Transcribe each record exactly, but omit pictures.

**RECORDS**
-- Opening Marker --
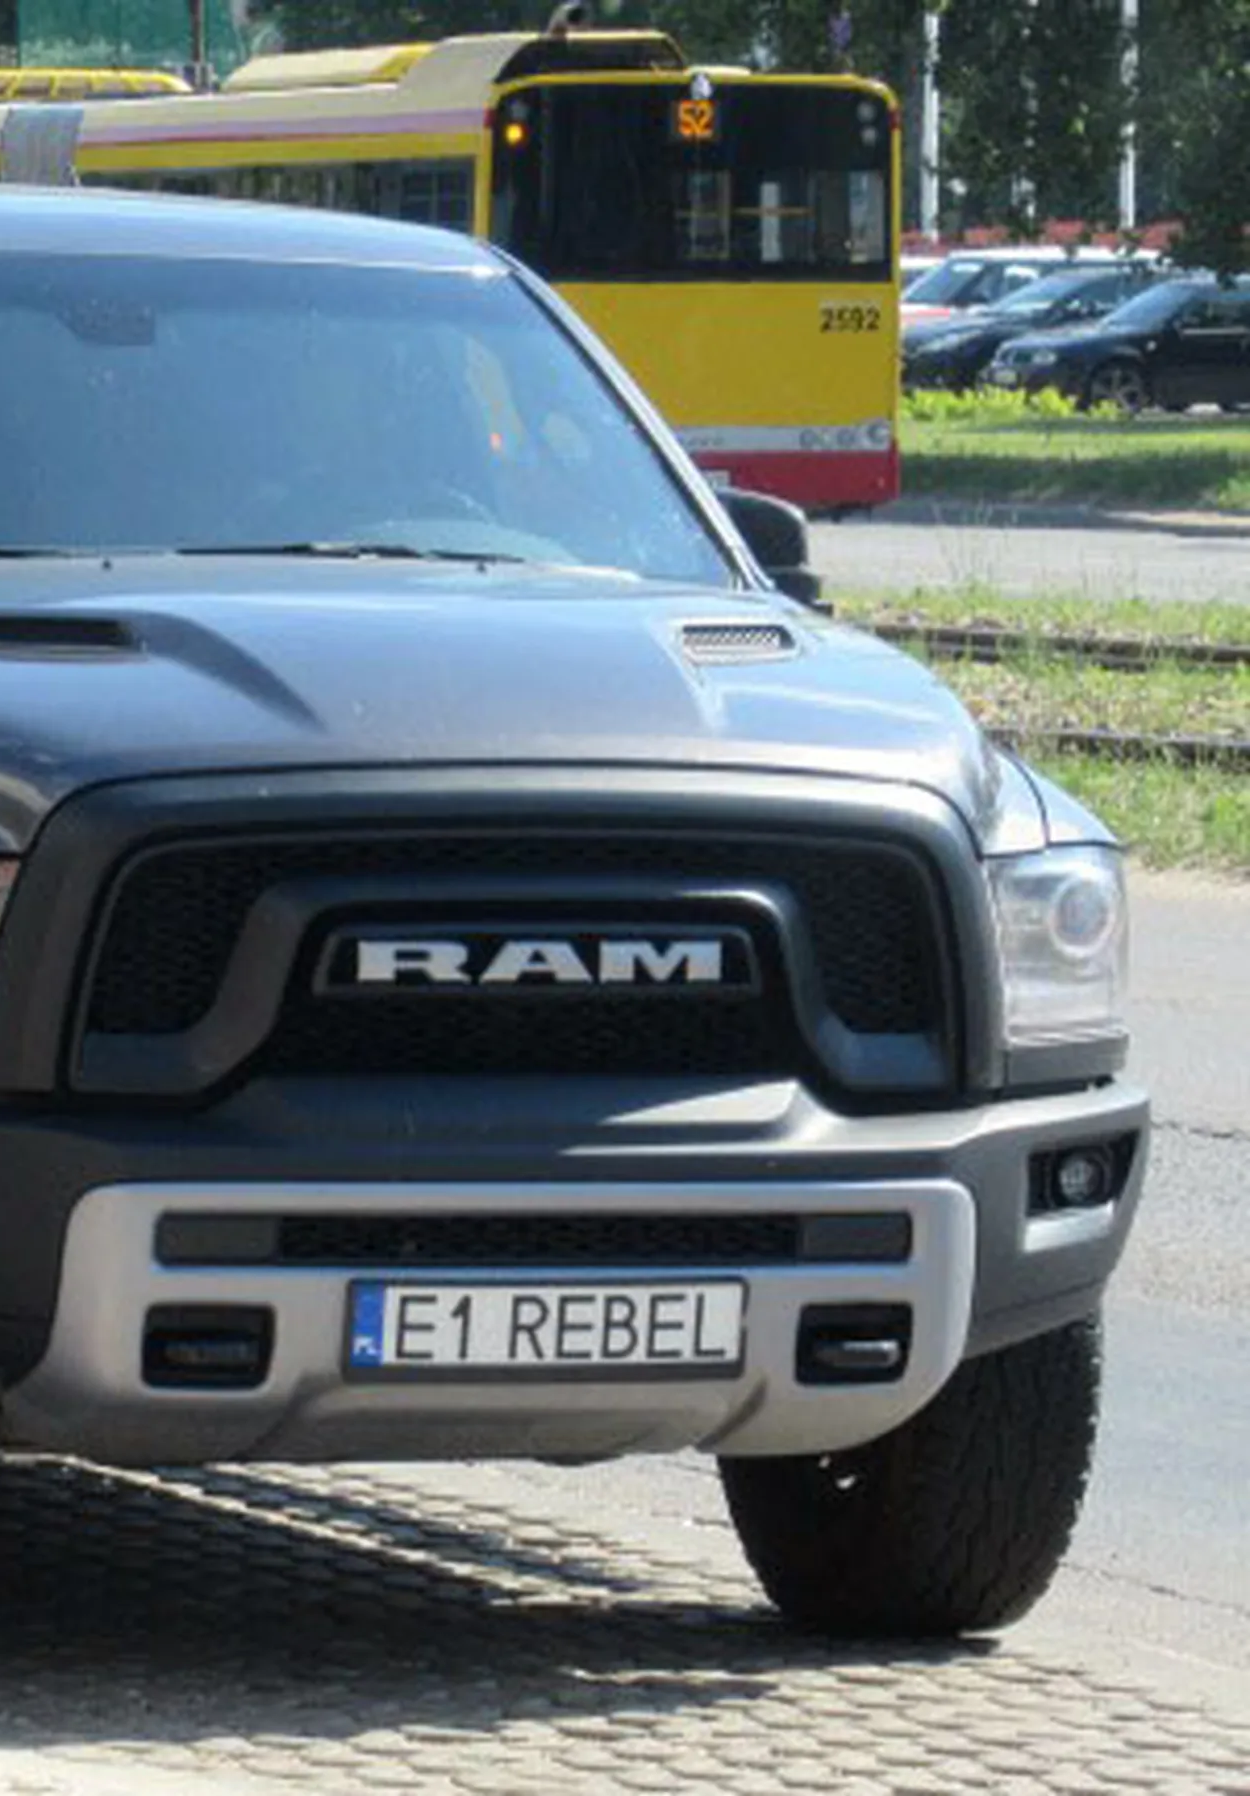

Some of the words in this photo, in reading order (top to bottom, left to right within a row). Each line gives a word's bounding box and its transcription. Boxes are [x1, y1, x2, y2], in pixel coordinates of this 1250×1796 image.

[678, 99, 714, 138] 52
[819, 305, 881, 334] 2592
[356, 939, 723, 983] RAM
[395, 1294, 472, 1360] E1
[508, 1293, 726, 1360] REBEL
-- Closing Marker --
**WRITTEN REPLY**
Some of the words in this photo, in reading order (top to bottom, left to right within a row). Each line gives a word's bounding box and its transcription. Boxes are [x1, y1, x2, y2], in pixel coordinates of this 1250×1796 image.

[678, 99, 714, 138] 52
[819, 305, 881, 334] 2592
[356, 939, 723, 983] RAM
[395, 1294, 472, 1360] E1
[508, 1293, 726, 1360] REBEL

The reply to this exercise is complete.